Segment Open

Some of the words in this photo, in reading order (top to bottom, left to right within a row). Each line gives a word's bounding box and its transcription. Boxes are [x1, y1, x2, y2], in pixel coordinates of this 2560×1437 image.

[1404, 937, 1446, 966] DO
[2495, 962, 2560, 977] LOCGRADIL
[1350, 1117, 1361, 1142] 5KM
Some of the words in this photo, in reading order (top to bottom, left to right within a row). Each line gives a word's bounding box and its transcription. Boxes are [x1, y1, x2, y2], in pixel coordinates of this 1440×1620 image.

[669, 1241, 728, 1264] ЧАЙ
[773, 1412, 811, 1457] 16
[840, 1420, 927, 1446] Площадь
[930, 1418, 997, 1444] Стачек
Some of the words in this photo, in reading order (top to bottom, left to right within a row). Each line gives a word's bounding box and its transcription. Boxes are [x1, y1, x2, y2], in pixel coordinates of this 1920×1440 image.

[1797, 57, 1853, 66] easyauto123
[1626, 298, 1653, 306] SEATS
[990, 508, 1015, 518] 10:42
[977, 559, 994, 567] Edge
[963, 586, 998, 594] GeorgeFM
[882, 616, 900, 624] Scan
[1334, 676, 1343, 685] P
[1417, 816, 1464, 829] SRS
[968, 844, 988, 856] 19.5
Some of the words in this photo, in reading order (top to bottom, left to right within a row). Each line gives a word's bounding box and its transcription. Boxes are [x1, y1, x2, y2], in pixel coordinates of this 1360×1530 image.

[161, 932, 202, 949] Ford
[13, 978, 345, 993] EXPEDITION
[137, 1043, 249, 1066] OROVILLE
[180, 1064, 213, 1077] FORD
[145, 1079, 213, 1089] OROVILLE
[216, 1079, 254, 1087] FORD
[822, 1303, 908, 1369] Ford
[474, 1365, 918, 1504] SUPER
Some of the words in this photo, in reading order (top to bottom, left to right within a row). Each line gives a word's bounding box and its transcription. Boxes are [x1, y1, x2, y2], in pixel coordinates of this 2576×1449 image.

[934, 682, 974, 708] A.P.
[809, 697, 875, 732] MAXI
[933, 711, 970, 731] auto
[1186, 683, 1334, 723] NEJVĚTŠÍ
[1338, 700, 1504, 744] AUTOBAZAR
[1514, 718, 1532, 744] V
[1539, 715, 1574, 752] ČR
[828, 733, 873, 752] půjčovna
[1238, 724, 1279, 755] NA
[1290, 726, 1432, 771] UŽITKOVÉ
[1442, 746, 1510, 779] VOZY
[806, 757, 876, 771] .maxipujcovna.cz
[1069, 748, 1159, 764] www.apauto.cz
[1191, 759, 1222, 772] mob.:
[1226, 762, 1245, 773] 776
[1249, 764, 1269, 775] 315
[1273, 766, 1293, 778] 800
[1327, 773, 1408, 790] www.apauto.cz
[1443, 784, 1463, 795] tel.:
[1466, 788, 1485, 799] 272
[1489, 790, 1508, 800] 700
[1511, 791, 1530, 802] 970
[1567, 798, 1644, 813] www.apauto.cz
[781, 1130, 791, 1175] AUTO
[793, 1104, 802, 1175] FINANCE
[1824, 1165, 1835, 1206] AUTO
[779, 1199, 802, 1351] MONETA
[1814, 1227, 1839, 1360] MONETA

Segment Closed

Print all of the records, leaving each one exactly as it appears above.

_Response_:
Some of the words in this photo, in reading order (top to bottom, left to right within a row). Each line gives a word's bounding box and its transcription. Boxes are [x1, y1, x2, y2], in pixel coordinates of this 2560×1437 image.

[1404, 937, 1446, 966] DO
[2495, 962, 2560, 977] LOCGRADIL
[1350, 1117, 1361, 1142] 5KM
Some of the words in this photo, in reading order (top to bottom, left to right within a row). Each line gives a word's bounding box and its transcription. Boxes are [x1, y1, x2, y2], in pixel coordinates of this 1440×1620 image.

[669, 1241, 728, 1264] ЧАЙ
[773, 1412, 811, 1457] 16
[840, 1420, 927, 1446] Площадь
[930, 1418, 997, 1444] Стачек
Some of the words in this photo, in reading order (top to bottom, left to right within a row). Each line gives a word's bounding box and its transcription. Boxes are [x1, y1, x2, y2], in pixel coordinates of this 1920×1440 image.

[1797, 57, 1853, 66] easyauto123
[1626, 298, 1653, 306] SEATS
[990, 508, 1015, 518] 10:42
[977, 559, 994, 567] Edge
[963, 586, 998, 594] GeorgeFM
[882, 616, 900, 624] Scan
[1334, 676, 1343, 685] P
[1417, 816, 1464, 829] SRS
[968, 844, 988, 856] 19.5
Some of the words in this photo, in reading order (top to bottom, left to right within a row). Each line gives a word's bounding box and its transcription. Boxes are [x1, y1, x2, y2], in pixel coordinates of this 1360×1530 image.

[161, 932, 202, 949] Ford
[13, 978, 345, 993] EXPEDITION
[137, 1043, 249, 1066] OROVILLE
[180, 1064, 213, 1077] FORD
[145, 1079, 213, 1089] OROVILLE
[216, 1079, 254, 1087] FORD
[822, 1303, 908, 1369] Ford
[474, 1365, 918, 1504] SUPER
Some of the words in this photo, in reading order (top to bottom, left to right within a row). Each line gives a word's bounding box and its transcription. Boxes are [x1, y1, x2, y2], in pixel coordinates of this 2576×1449 image.

[934, 682, 974, 708] A.P.
[809, 697, 875, 732] MAXI
[933, 711, 970, 731] auto
[1186, 683, 1334, 723] NEJVĚTŠÍ
[1338, 700, 1504, 744] AUTOBAZAR
[1514, 718, 1532, 744] V
[1539, 715, 1574, 752] ČR
[828, 733, 873, 752] půjčovna
[1238, 724, 1279, 755] NA
[1290, 726, 1432, 771] UŽITKOVÉ
[1442, 746, 1510, 779] VOZY
[806, 757, 876, 771] .maxipujcovna.cz
[1069, 748, 1159, 764] www.apauto.cz
[1191, 759, 1222, 772] mob.:
[1226, 762, 1245, 773] 776
[1249, 764, 1269, 775] 315
[1273, 766, 1293, 778] 800
[1327, 773, 1408, 790] www.apauto.cz
[1443, 784, 1463, 795] tel.:
[1466, 788, 1485, 799] 272
[1489, 790, 1508, 800] 700
[1511, 791, 1530, 802] 970
[1567, 798, 1644, 813] www.apauto.cz
[781, 1130, 791, 1175] AUTO
[793, 1104, 802, 1175] FINANCE
[1824, 1165, 1835, 1206] AUTO
[779, 1199, 802, 1351] MONETA
[1814, 1227, 1839, 1360] MONETA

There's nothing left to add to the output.